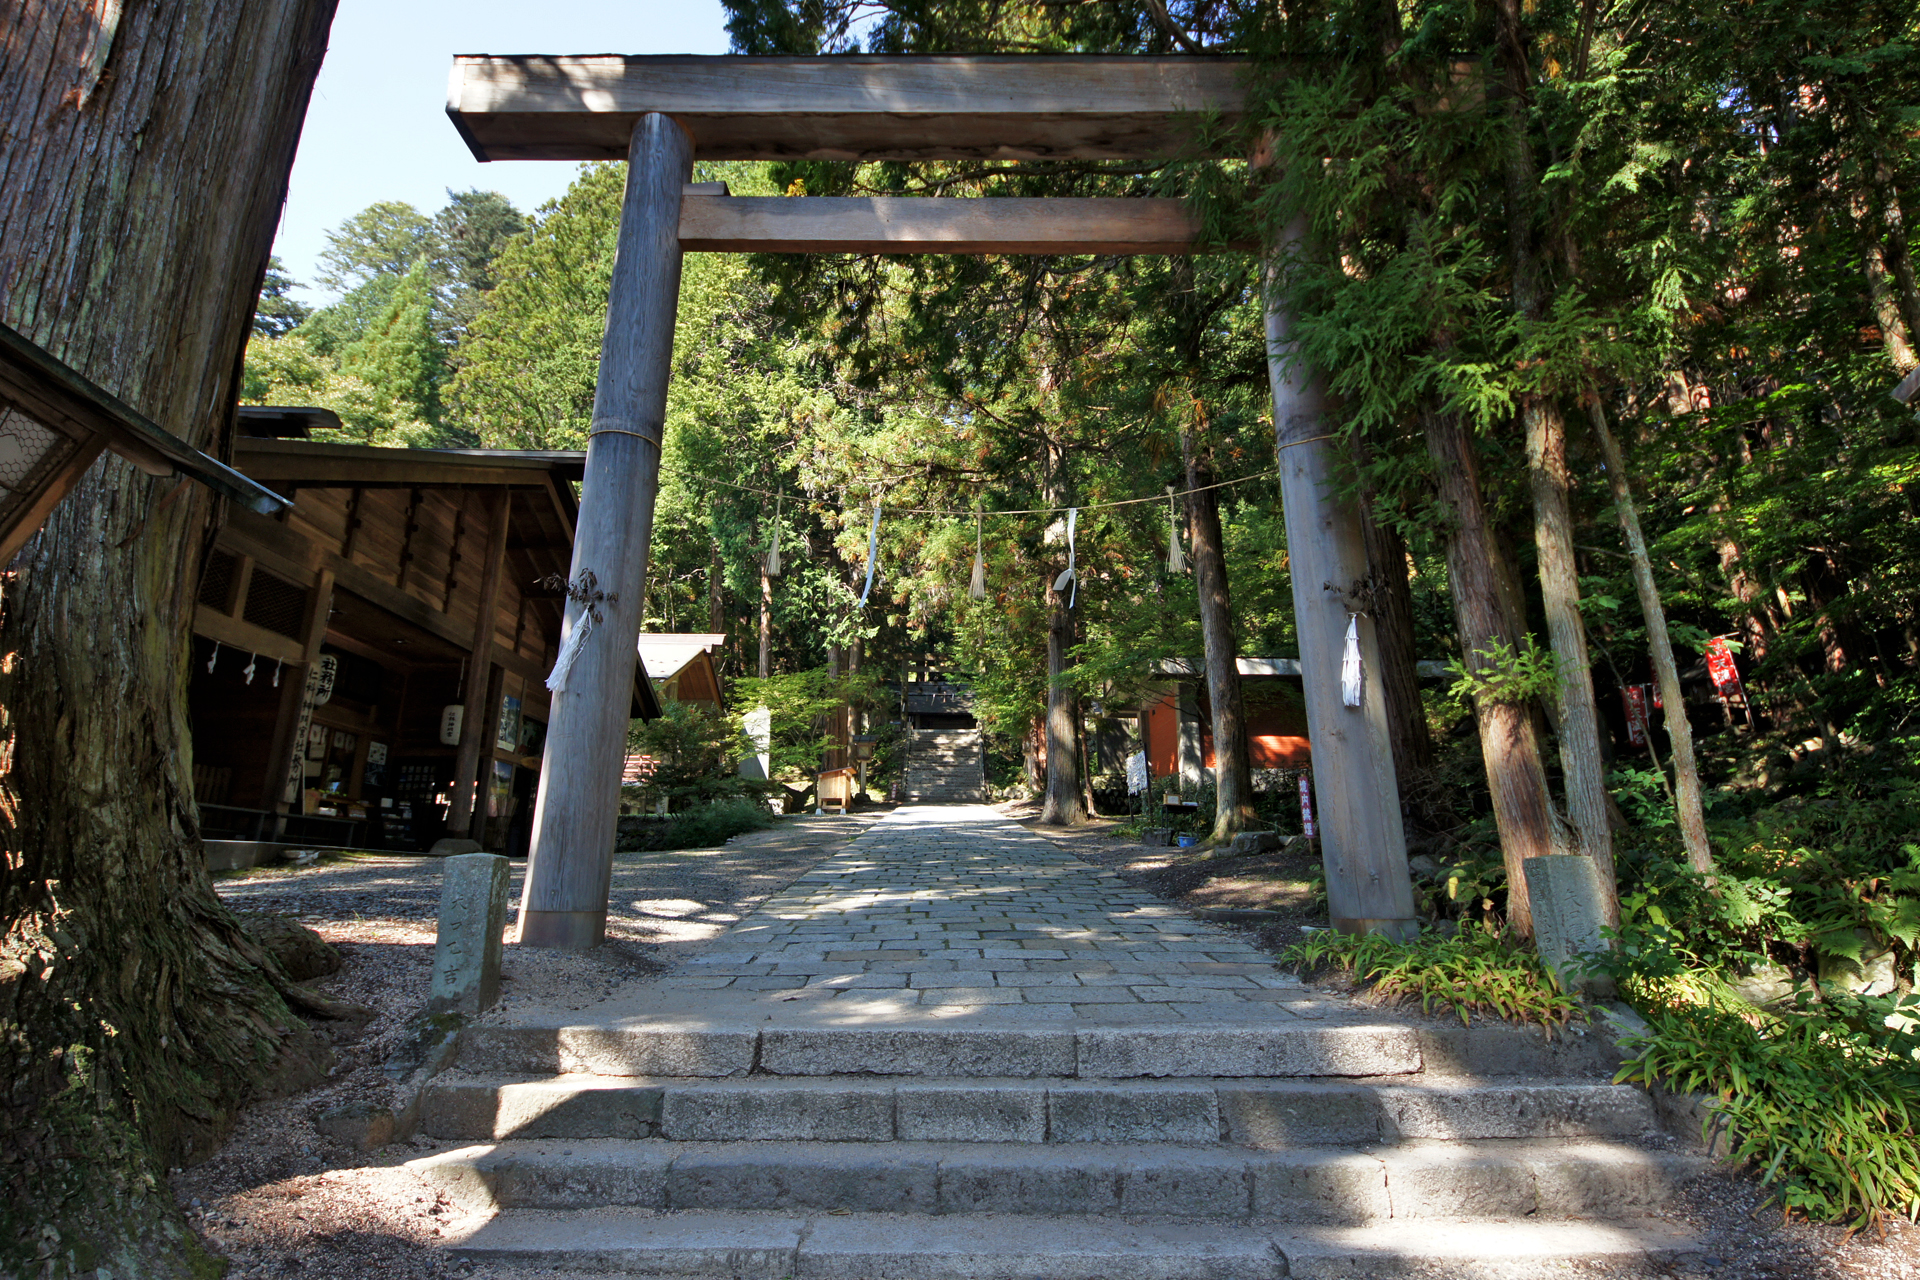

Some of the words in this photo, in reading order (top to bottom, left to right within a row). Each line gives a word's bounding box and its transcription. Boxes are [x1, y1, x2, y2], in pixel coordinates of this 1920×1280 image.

[316, 657, 336, 700] 社務所
[1299, 779, 1314, 836] 境内禁煙
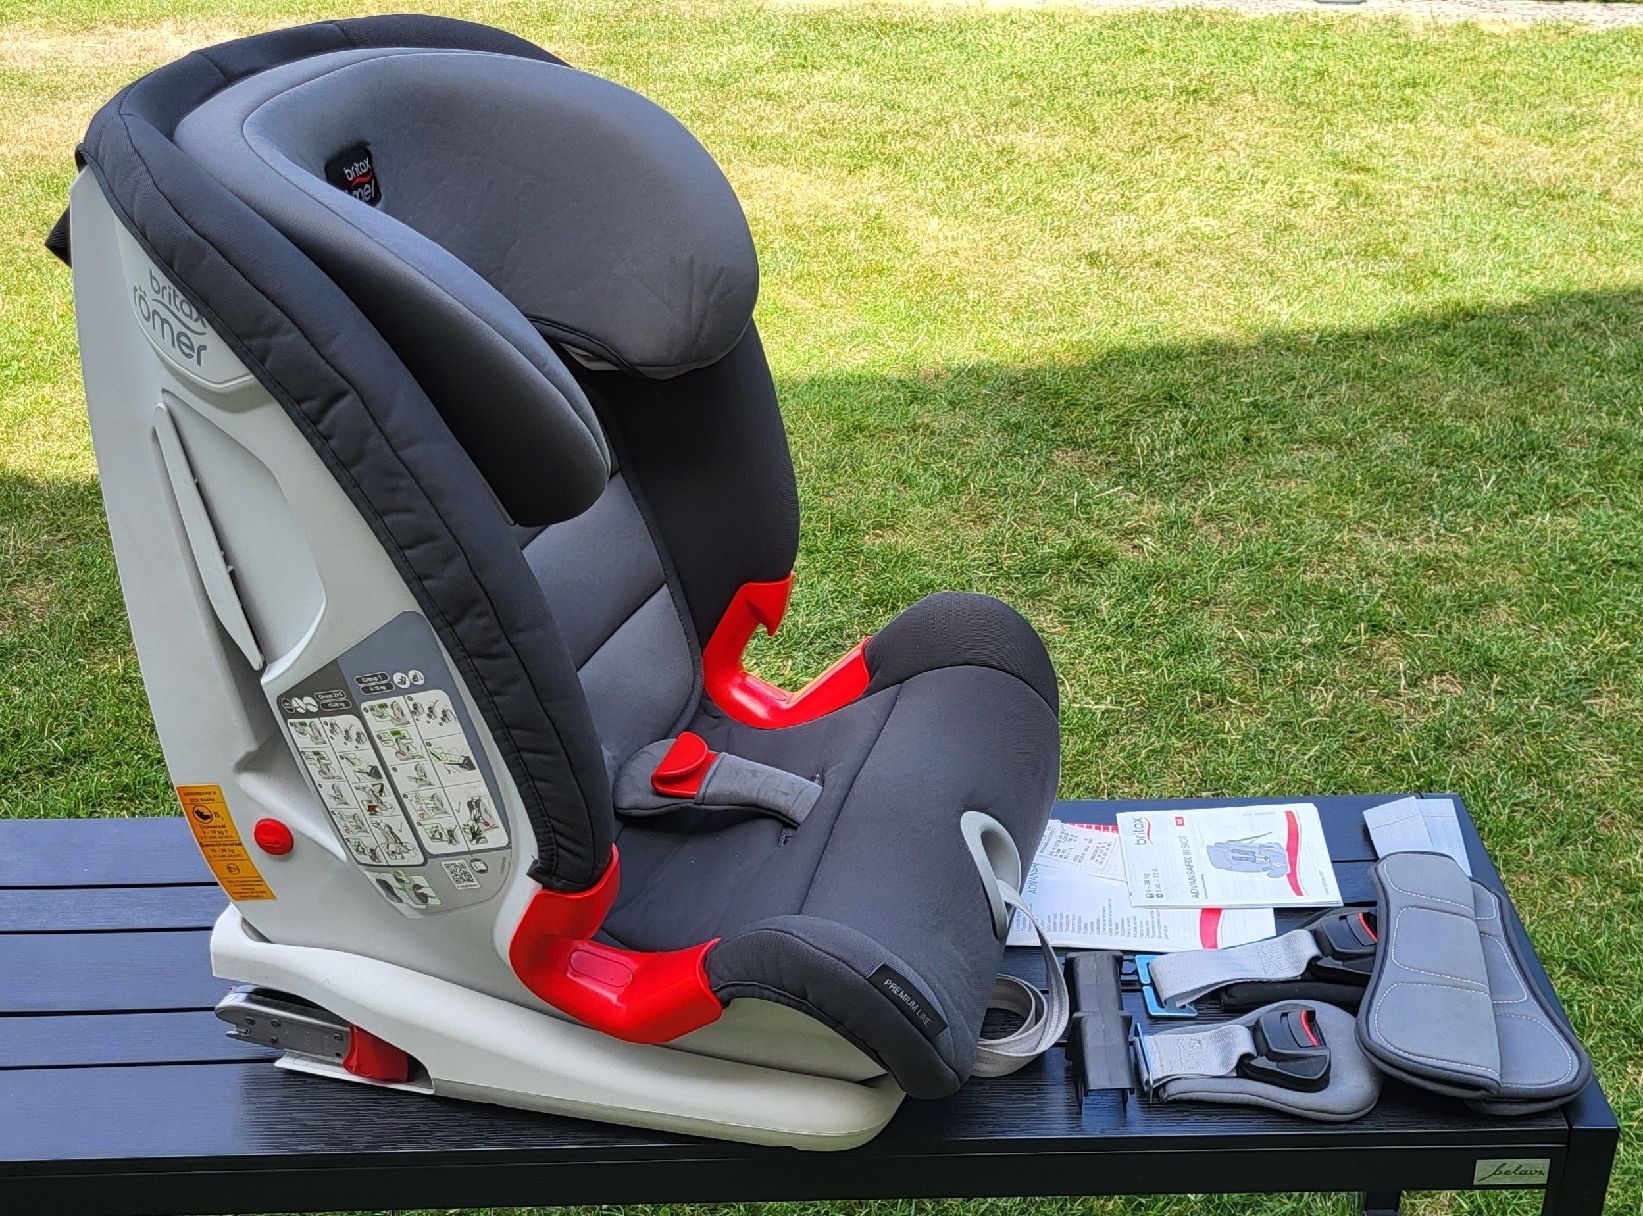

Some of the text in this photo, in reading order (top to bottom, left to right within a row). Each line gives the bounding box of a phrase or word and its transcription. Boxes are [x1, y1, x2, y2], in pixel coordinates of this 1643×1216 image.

[343, 156, 372, 181] britax
[133, 286, 208, 367] römer
[1131, 816, 1147, 846] britax
[883, 978, 932, 1027] PREMIUM LINE
[1477, 1162, 1546, 1183] belavi

◇ ◇ ◇ ◇

● **Task to complete**
Skip the pictures and reproduce all remaining entries exactly.

● **Solution for this problem**
Some of the words in this photo, in reading order (top to bottom, left to right within a row). Each line gives a word's bounding box and its transcription. Boxes are [x1, y1, x2, y2], in pixel coordinates of this 1920×1280 image.

[316, 657, 336, 700] 社務所
[1299, 779, 1314, 836] 境内禁煙

Some of the text in this photo, in reading order (top to bottom, left to right within a row). Each line gives the bounding box of a phrase or word and its transcription. Boxes are [x1, y1, x2, y2], in pixel coordinates of this 1643×1216 image.

[343, 156, 372, 181] britax
[133, 286, 208, 367] römer
[1131, 816, 1147, 846] britax
[883, 978, 932, 1027] PREMIUM LINE
[1477, 1162, 1546, 1183] belavi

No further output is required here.